December 7, 2004 (PLANSPONSOR.com) - Federal-Mogul, the bankrupt US automotive parts company, has withdrawn its offer to continue the pension scheme for its United Kingdom subsidiary, Turner & Newall (T&N).

The pension Trustees of the UK unit issued a statement Monday saying that the company was withdrawing its October offer to fund the pension fund with minimum contributions, according to Reuters. This could land the UK’s pension protection fund with a $777 million bill, according to the news agency.

“We’re disappointed with this turn of events, but will continue to work with all parties to seek a solution which is in the best interests of all members of the pension scheme,” the Trustees told Reuters. “Unfortunately Federal-Mogul has not felt able to do this in view of uncertainty about the new statutory regime to be brought in under the recently passed Pensions Act and has now withdrawn its offer to continue the pension scheme.”

The plan that was withdrawn could have brought both T&N and Federal-Mogul out of bankruptcy protection, which they entered in 2001 following huge asbestos claims. Most the claims stem from T&N, which Federal-Mogul acquired in 1988. Financier Carl Icahn had proposed putting up $25 million to fund the pension scheme with the goal of closing the deficit within 10 years.

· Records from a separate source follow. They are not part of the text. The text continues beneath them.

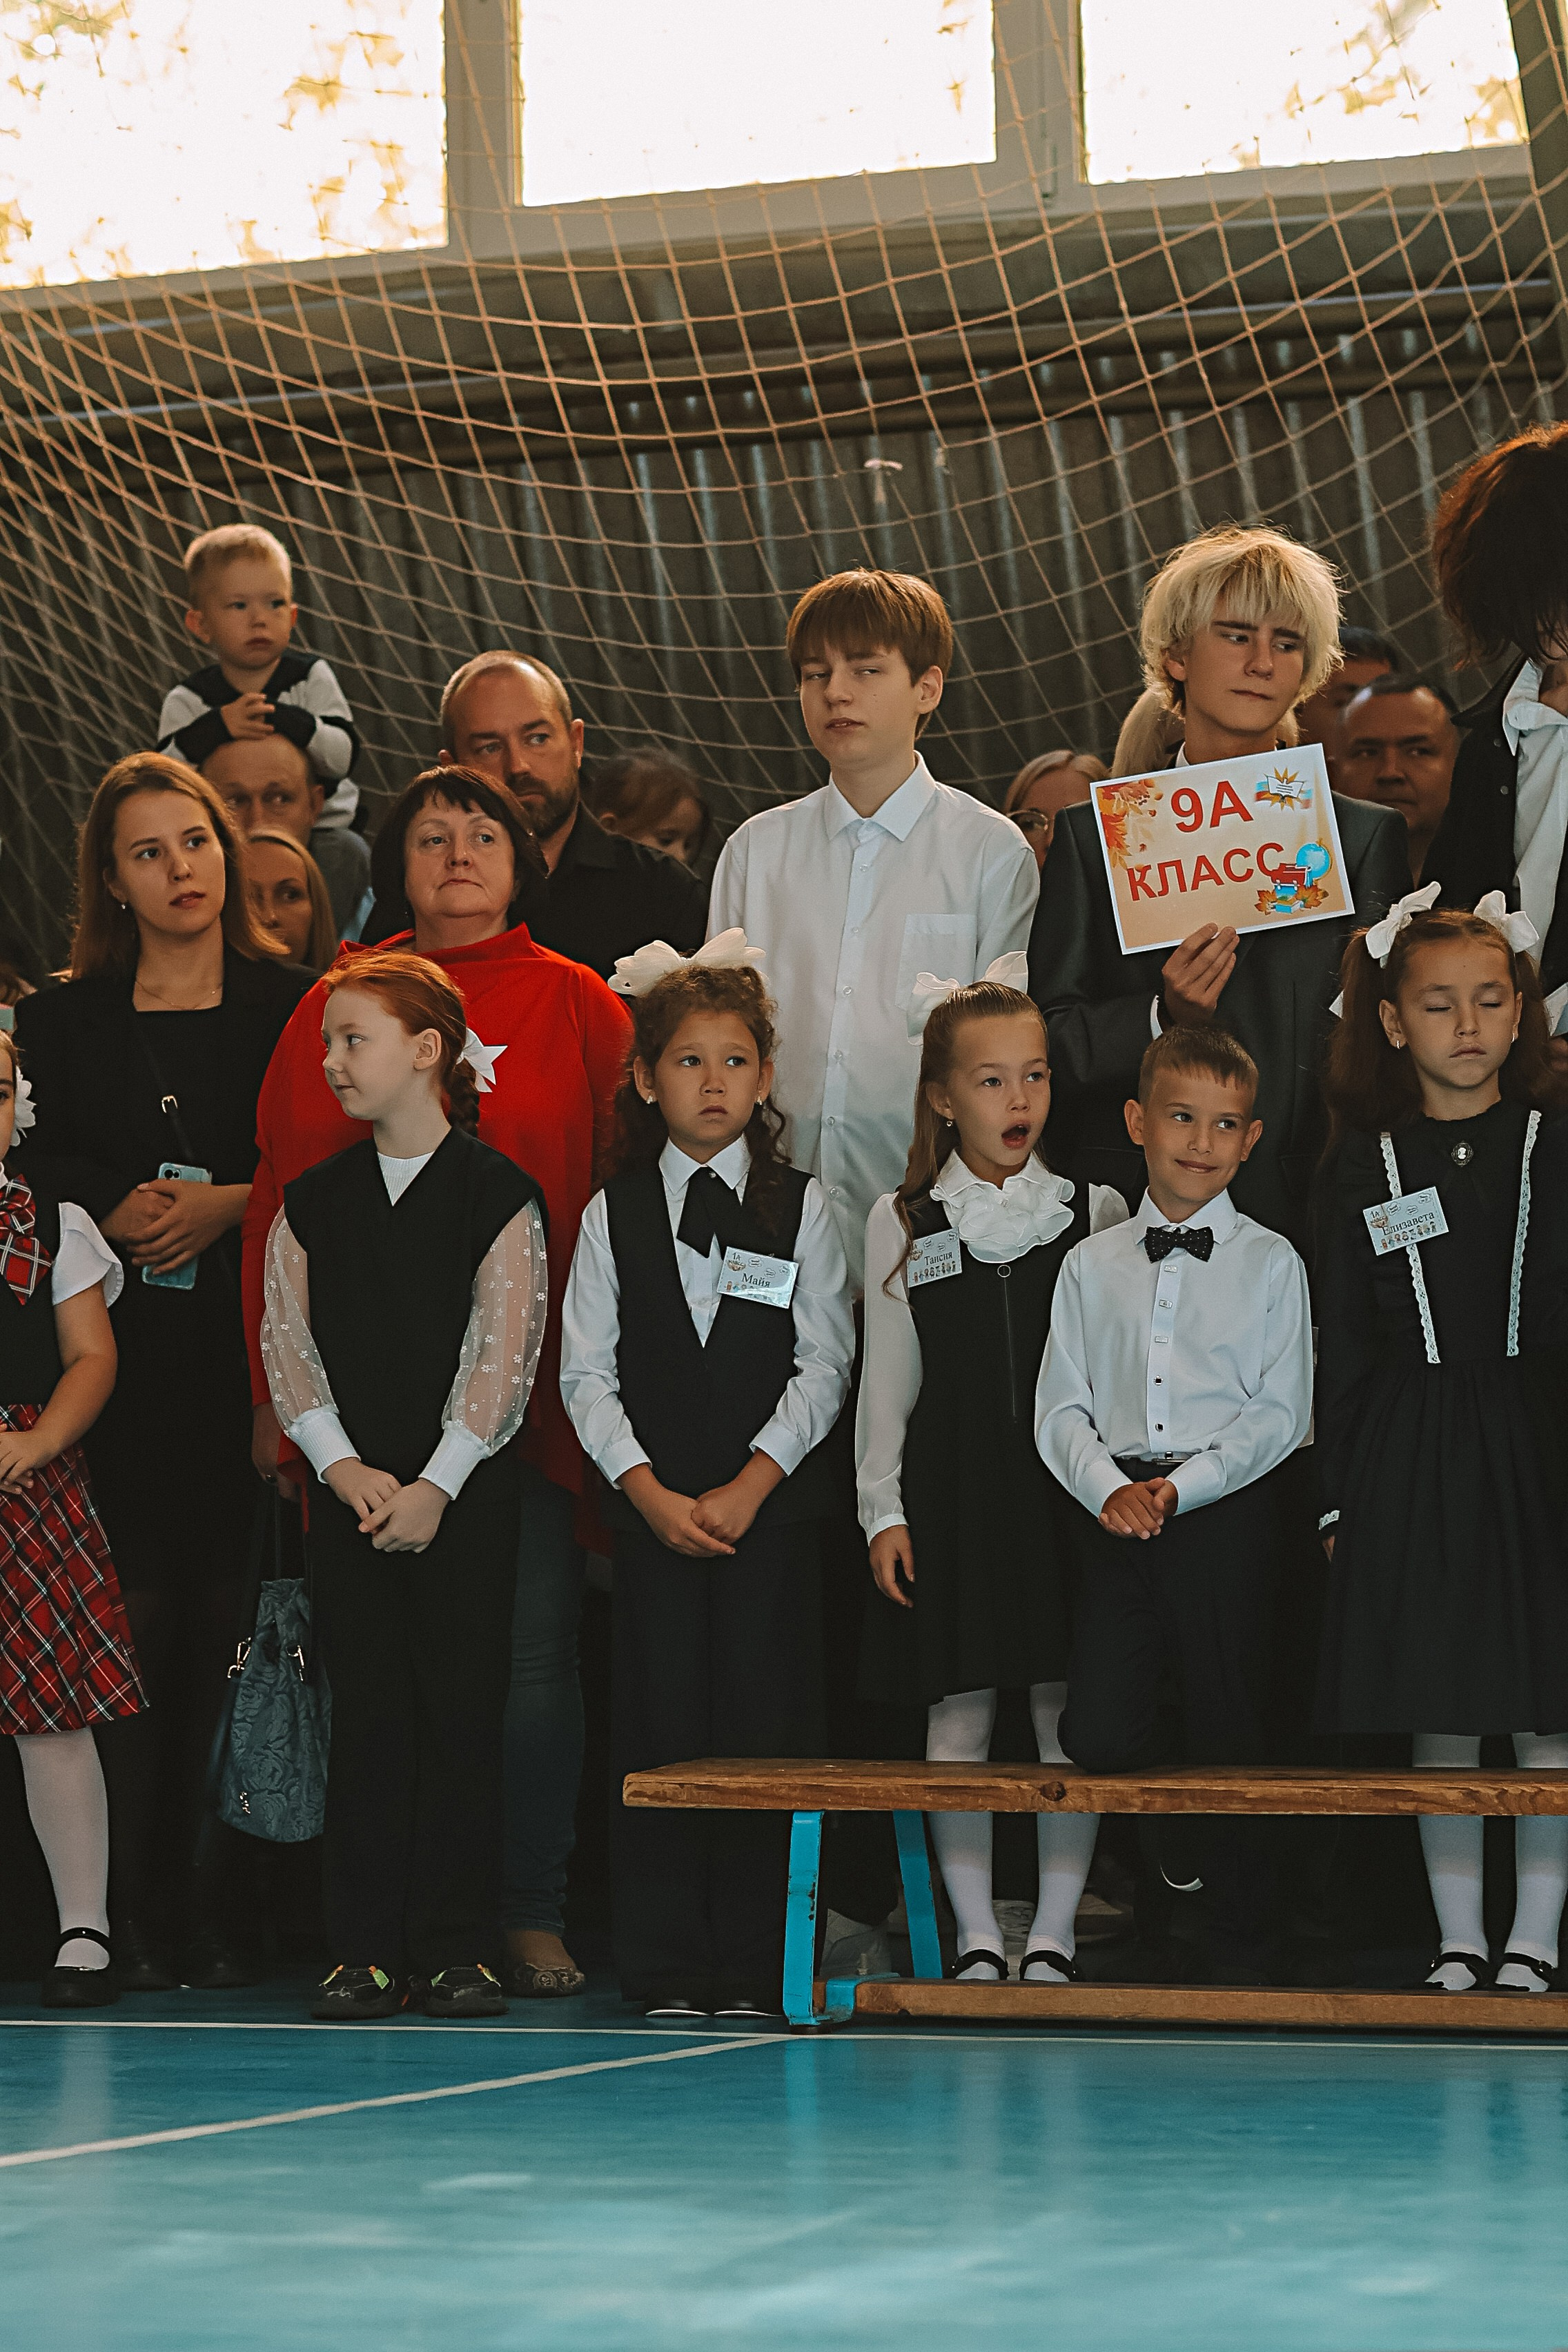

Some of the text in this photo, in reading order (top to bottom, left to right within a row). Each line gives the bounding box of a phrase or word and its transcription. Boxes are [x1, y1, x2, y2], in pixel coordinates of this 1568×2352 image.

[1170, 780, 1253, 832] 9А
[1126, 842, 1285, 902] КЛАСС
[1382, 1212, 1435, 1235] Елизавета
[924, 1251, 952, 1266] Таисия
[742, 1273, 771, 1288] Майя
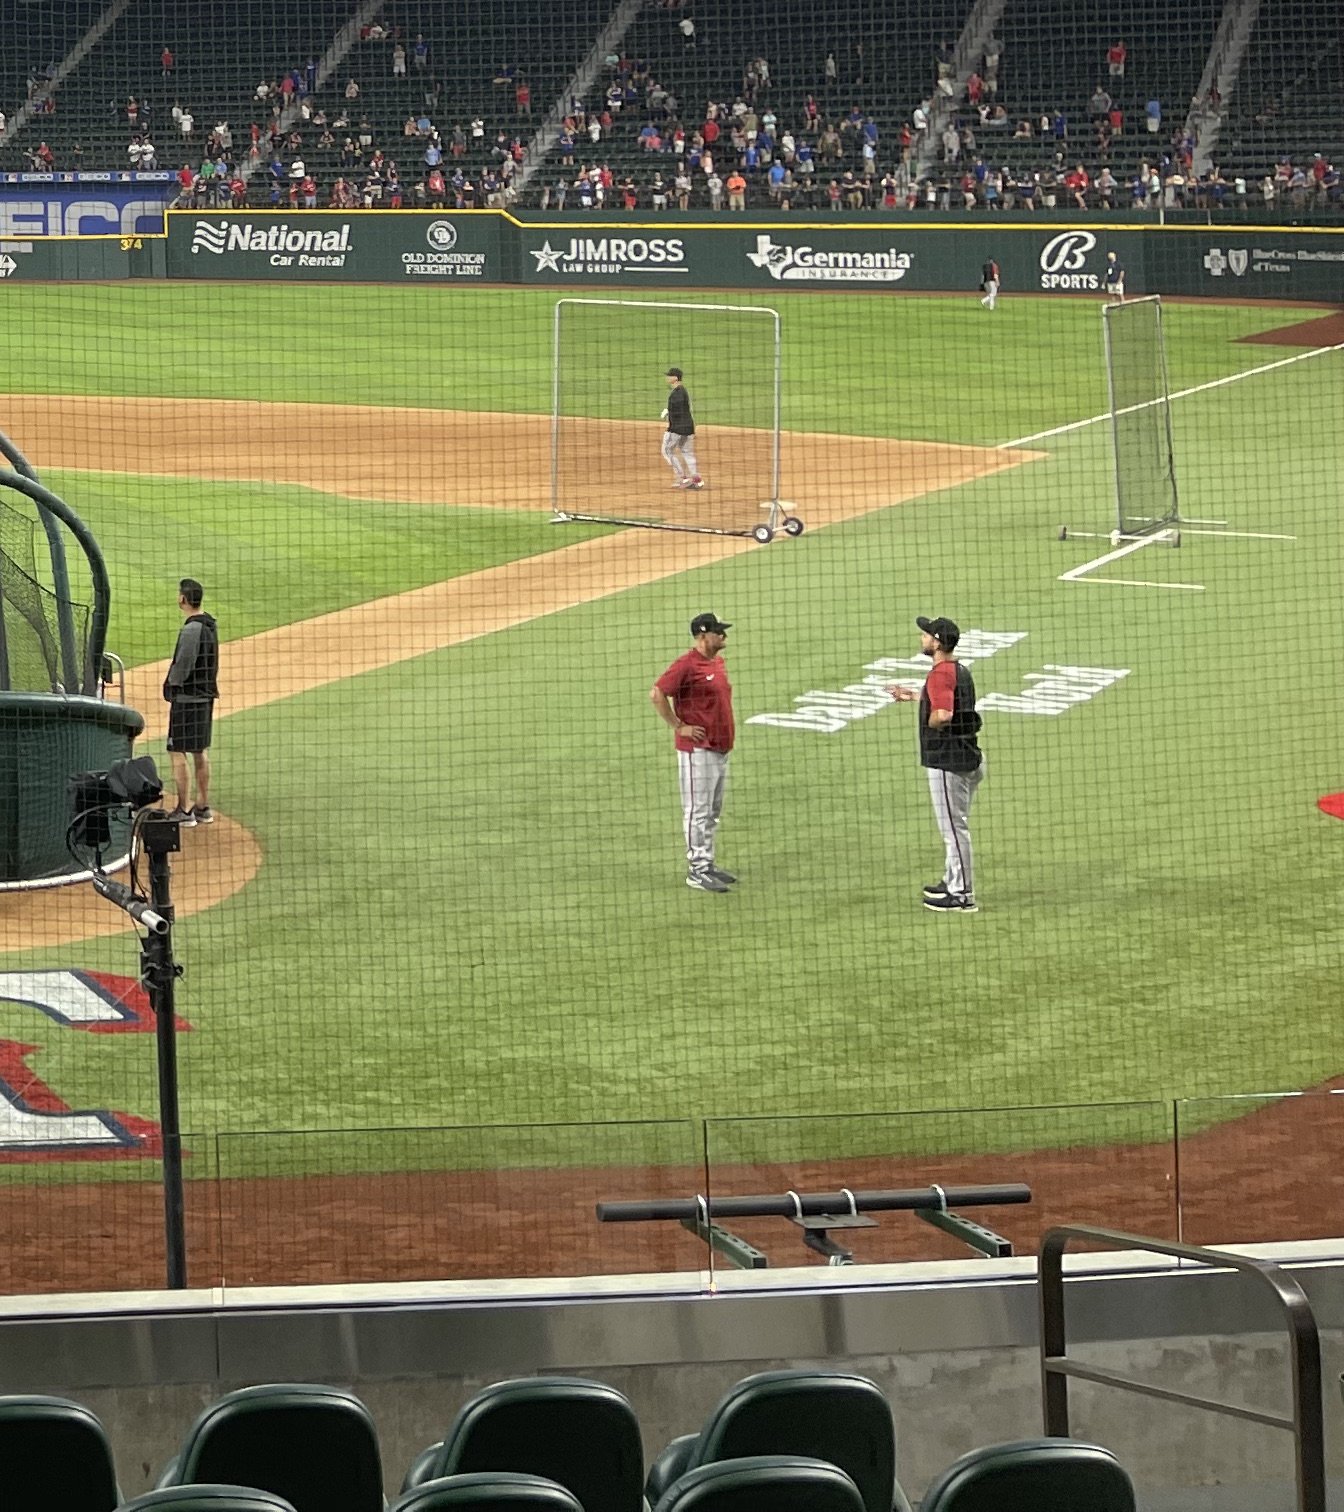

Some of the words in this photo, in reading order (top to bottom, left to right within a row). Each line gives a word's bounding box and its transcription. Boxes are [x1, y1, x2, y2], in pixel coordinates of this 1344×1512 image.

What will happen now is unclear, according to Reuters, but UK consultant John Ralfe is quoted as saying that T&N will most likely be wound up and the proceeds will be given to both company pensioners and asbestos claimants. Ralfe estimates that the Pension Protection Fund, the UK’s version of America’s Pension Benefit Guaranty Corporation (PBGC), will be hit with a large tab when it opens its doors in April, according to Reuters.

The Trustees had previously rejected a plan to save the pension plan, citing the fact that the proposed plan did not treat all pensioners the same (See UK Pension Trustees Reject Rescue Proposal ). The plan previously rejected by the Trustees did not involve Icahn’s offer.